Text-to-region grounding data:
....

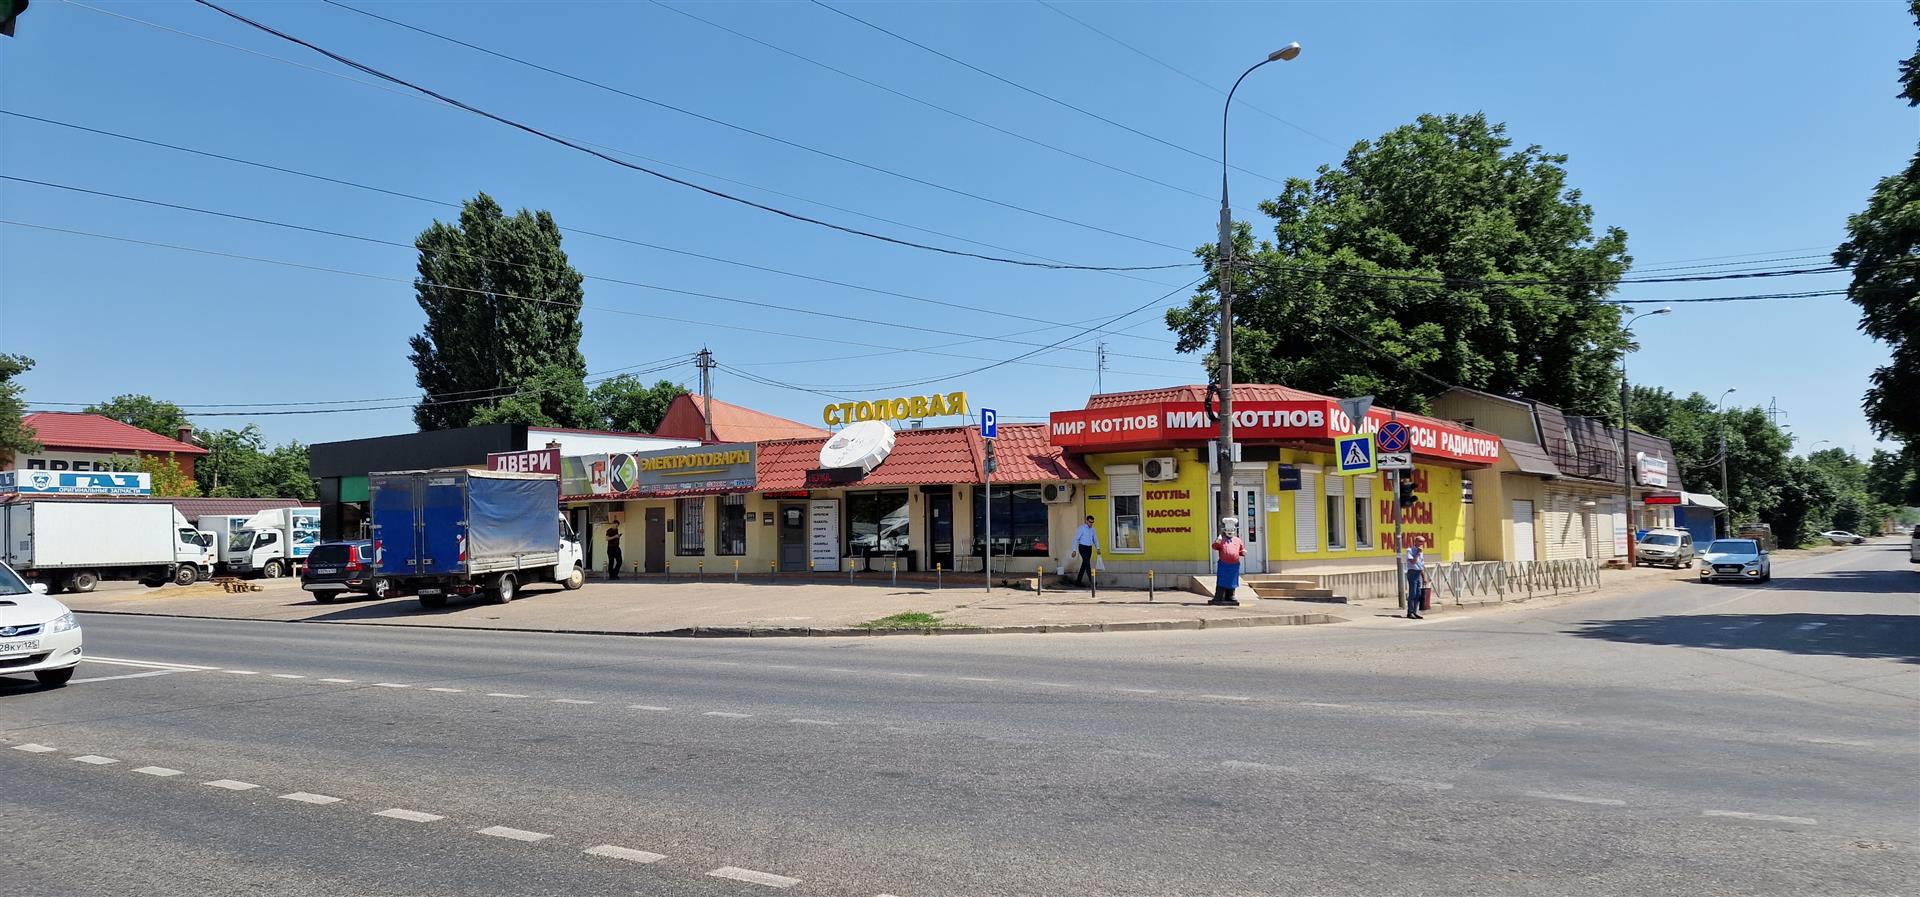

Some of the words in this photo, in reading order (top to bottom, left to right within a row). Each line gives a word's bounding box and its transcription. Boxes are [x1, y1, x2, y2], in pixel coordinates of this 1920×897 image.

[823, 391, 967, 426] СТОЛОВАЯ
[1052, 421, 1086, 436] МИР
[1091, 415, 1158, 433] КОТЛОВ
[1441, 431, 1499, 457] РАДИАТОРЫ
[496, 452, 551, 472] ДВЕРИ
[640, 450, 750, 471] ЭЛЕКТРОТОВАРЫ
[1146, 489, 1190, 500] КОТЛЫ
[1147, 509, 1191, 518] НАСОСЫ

....

### ACTION ITEM:
Could the data above be reproduced exactly, with the pictures left out?

### RESULT BELOW:
Some of the words in this photo, in reading order (top to bottom, left to right within a row). Each line gives a word's bounding box and its transcription. Boxes are [x1, y1, x2, y2], in pixel coordinates of this 1920×897 image.

[823, 391, 967, 426] СТОЛОВАЯ
[1052, 421, 1086, 436] МИР
[1091, 415, 1158, 433] КОТЛОВ
[1441, 431, 1499, 457] РАДИАТОРЫ
[496, 452, 551, 472] ДВЕРИ
[640, 450, 750, 471] ЭЛЕКТРОТОВАРЫ
[1146, 489, 1190, 500] КОТЛЫ
[1147, 509, 1191, 518] НАСОСЫ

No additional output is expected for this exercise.